What is a crown and when do I need one?
To put it in simple terms, a dental crown is a small cap (hence the name) that sits over the top of an existing tooth and is cemented into place. The crown will be made from a mould of the existing tooth, so in terms of shape and size, it will be very similar to the original. This is important, because the purpose of a crown is often to increase the strength of the tooth when it has become compromised by decay or cracks.

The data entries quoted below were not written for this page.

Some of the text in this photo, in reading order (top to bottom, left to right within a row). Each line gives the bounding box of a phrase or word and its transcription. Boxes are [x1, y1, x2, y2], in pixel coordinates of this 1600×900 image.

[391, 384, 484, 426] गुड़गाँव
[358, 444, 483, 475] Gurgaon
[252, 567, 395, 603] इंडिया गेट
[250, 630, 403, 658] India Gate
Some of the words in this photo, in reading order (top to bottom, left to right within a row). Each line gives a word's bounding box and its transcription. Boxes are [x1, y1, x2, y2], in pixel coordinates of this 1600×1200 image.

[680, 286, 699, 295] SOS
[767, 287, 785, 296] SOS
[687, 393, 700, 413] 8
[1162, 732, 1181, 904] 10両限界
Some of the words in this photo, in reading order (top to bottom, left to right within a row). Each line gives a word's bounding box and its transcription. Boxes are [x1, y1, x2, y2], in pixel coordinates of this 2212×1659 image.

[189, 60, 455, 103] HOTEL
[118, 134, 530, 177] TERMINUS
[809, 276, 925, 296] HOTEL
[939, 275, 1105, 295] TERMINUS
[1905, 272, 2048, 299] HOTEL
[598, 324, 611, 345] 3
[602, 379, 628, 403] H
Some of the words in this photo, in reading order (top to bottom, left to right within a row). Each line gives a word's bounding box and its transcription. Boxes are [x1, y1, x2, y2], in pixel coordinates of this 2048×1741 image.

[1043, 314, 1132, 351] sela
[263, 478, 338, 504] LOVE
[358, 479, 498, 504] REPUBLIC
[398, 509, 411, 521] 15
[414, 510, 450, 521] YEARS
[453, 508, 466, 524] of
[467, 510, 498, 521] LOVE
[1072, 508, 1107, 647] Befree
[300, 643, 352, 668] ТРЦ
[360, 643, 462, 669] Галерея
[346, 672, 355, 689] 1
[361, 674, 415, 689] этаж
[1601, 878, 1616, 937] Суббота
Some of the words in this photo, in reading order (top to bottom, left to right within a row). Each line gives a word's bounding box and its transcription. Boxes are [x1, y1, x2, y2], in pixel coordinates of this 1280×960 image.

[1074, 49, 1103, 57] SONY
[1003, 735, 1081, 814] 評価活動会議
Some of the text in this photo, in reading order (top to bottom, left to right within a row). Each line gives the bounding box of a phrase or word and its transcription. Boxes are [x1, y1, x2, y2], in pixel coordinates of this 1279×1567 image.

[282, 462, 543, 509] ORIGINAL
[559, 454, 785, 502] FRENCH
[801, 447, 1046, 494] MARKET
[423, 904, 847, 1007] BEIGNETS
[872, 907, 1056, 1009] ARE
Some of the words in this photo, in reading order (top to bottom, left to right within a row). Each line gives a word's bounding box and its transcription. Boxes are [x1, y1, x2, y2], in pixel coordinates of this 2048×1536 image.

Crowns are also used for aesthetic reasons, and provide an excellent way to cover misshapen or discoloured teeth as well as ones that have been heavily filled. The wide range of solutions a crown provides makes them one of the most common dental procedures performed worldwide, and millions are produced every year. In fact, dental crowns are one of the most established treatments around, and have been utilised since the late 1800s. The aesthetic quality and strength provided by a crown remains one of the best ways to take care of damaged teeth and make them look visually appealing.
What are they made of?
The crowns themselves can be made from various different substances, and the type depends on the desired application as well as the required strength. Ceramic crowns (sometimes referred to as porcelain) are used for restoring front teeth, as their colour allows them to easily blend with the rest of your smile.
In situations where more strength is required, porcelain-fused-to-metal crowns, invented by Abraham Weinstein in the 1950s, will be used, and the added benefit of a metal structure that makes them very durable. Fully metal crowns are also an option, and are often used in the back of the mouth where a porcelain appearance isn't necessary.
While crowns are very durable, sometimes lasting well over a decade, it's important to treat them with the same care and attention as any other tooth to ensure that your pearly whites always look in mint condition.